Tag Archives: always remember

Final Words

Robin Botie of Ithaca, New York, photoshops a friend floating in space to illustrate losing a loved one.“How would you like me to remember you?” I asked my friend who was in the active stage of dying. Death was days or maybe only hours away. She lay silent for a long while in a hospital-bed newly parked in her sunroom. Her eyebrows scrunched up. I felt bad that my question was making her work so hard, so I rephrased it, “All this time we’ve spent together, what do you want me to remember?”

She finally whispered her response and I repeated it out loud so I would never forget. And shortly after, howling in the car, I wrote down what she said, and then dashed off to roam the unfamiliar country roads north or east of her house, to lose myself before it could be announced that I’d lost my friend.

Over the next three days I became more and more unmoored, ungrounded. Restless and unruly, I waited as family members and a vast community of friends made their farewells. I thought there would be time to be with her, to hear more of her final words.

For the last two years I’d known exactly where I’d be Wednesday afternoons—in my friend’s sunroom, sipping tea, surrounded by her cats and my dog. We would read aloud each other’s words and missions—hers to leave a legacy for her family, mine to record the journey through the wilds of cancer with my daughter, and to address the issues my daughter and I never talked about. The tough conversations about living and dying. Cancer. And loving. In my friend’s sunroom, on Wednesdays, ideas and words I could never before discuss became routine. We learned words could plant one’s footprints firmly for others to follow, or set a person floating off into space. We explored and captured the right words, the best words, ever aware that my friend’s time was running out.

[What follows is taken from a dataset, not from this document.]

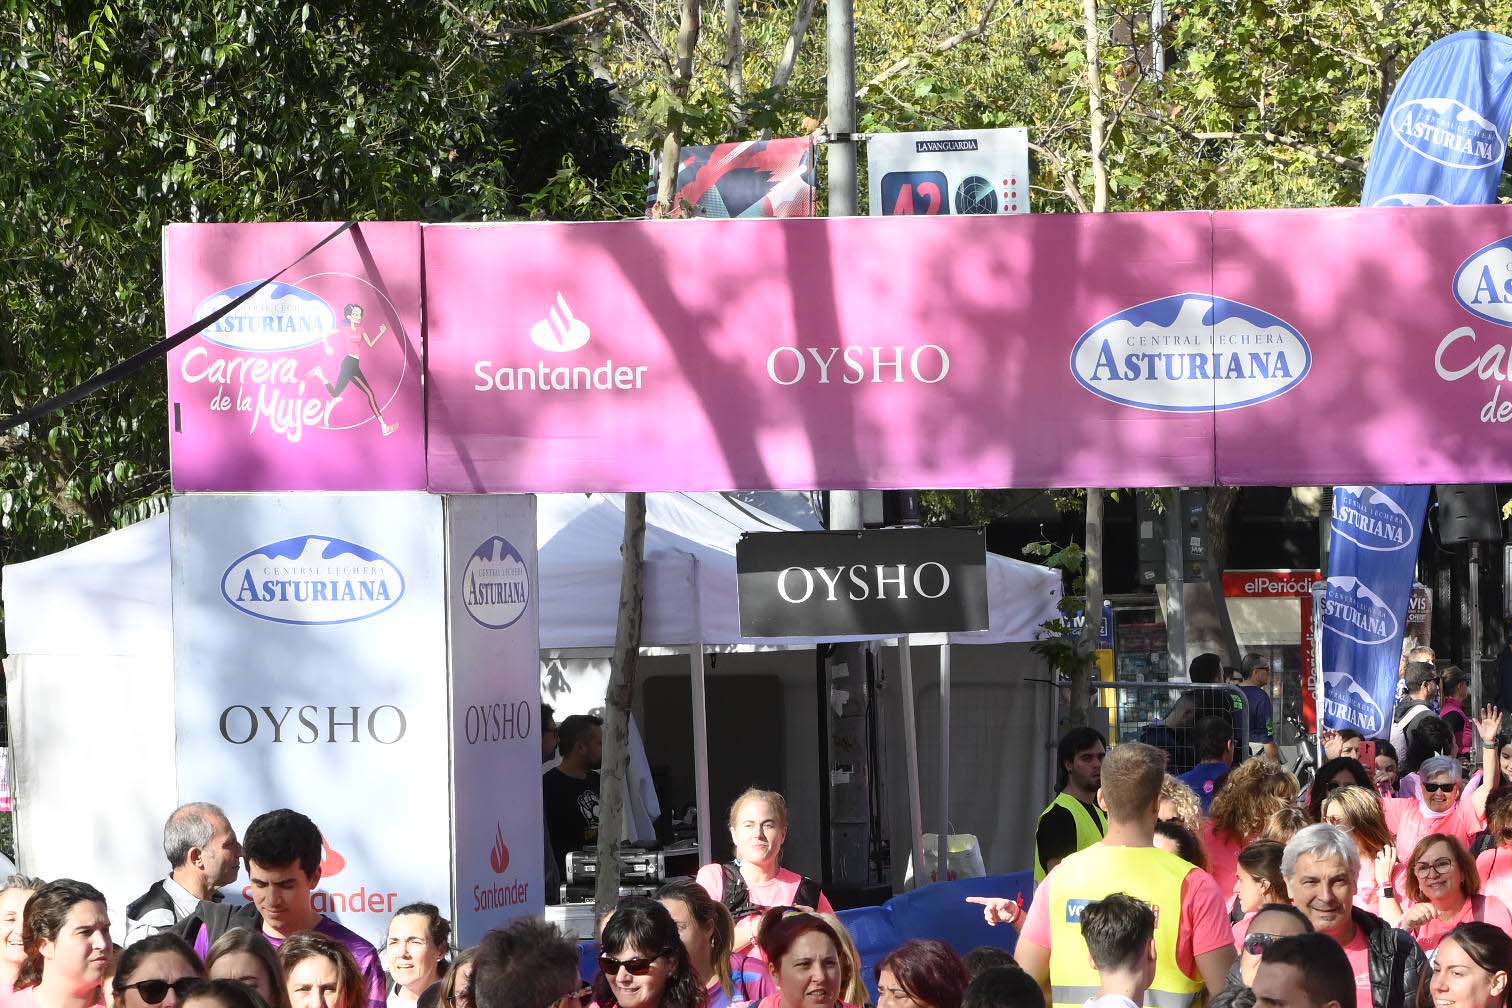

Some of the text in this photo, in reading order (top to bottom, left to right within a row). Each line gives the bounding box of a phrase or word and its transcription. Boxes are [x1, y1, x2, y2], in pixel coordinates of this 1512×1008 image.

Three days after that last visit, when I got the text, “She left this morning very peacefully,” I pulled out the page on which I’d scrawled what my friend had responded:

“Remember that the two of us, together, asked the hard questions.” Except for “goodbye” and “I love you,” this was the last thing she told me. Rereading her words, the ones I am now taping to my computer, was like finding a map that pointed the way home from a long odyssey.


What are the hardest things to talk about? Do you remember your loved one’s last words?

I Will Never Forget

Robin Botie of Ithaca, New York, Photoshops multiple frames around a portrait of her daughter Marika Warden who died.My dead daughter’s pictures pop up on Facebook, and each time I see one, my eyes pop out of my head. I’ve been planting her image all over online. And every time someone shares or comments on what I’ve posted, the response and the article with its photo come back to my email box. You wouldn’t think something like this could bring so much joy. But it does, to me.

The joy doesn’t come just because I know Marika loved collecting friends and putting her pictures on Facebook. It’s not because I’ve learned to like doing what she did. And it’s not to show her off or to grab your sympathies.

“One of the most scary things for us as bereaved parents is that our dead child will be forgotten.” These are not my words. One of my Facebook friends wrote this in response to my article, How I Swallowed my Daughter. This is my truth. I need to feel Marika won’t be lost and forgotten. I’m framing her face and pasting her all over the Internet so she’ll be remembered. “There’s that girl again,” you will say. Even for the short time it takes to look at her, or share her image, she will have been seen. And maybe when you remember she no longer walks the earth, perhaps you will cherish your own time here and your own loved ones, more.

That’s why, when I’m not looking for joy and finding life after loss, you can find me posting photos of my daughter on Facebook. Before friends and strangers, I am promising Marika and myself, that she will not be forgotten.

Thank you for sharing and celebrating her with me.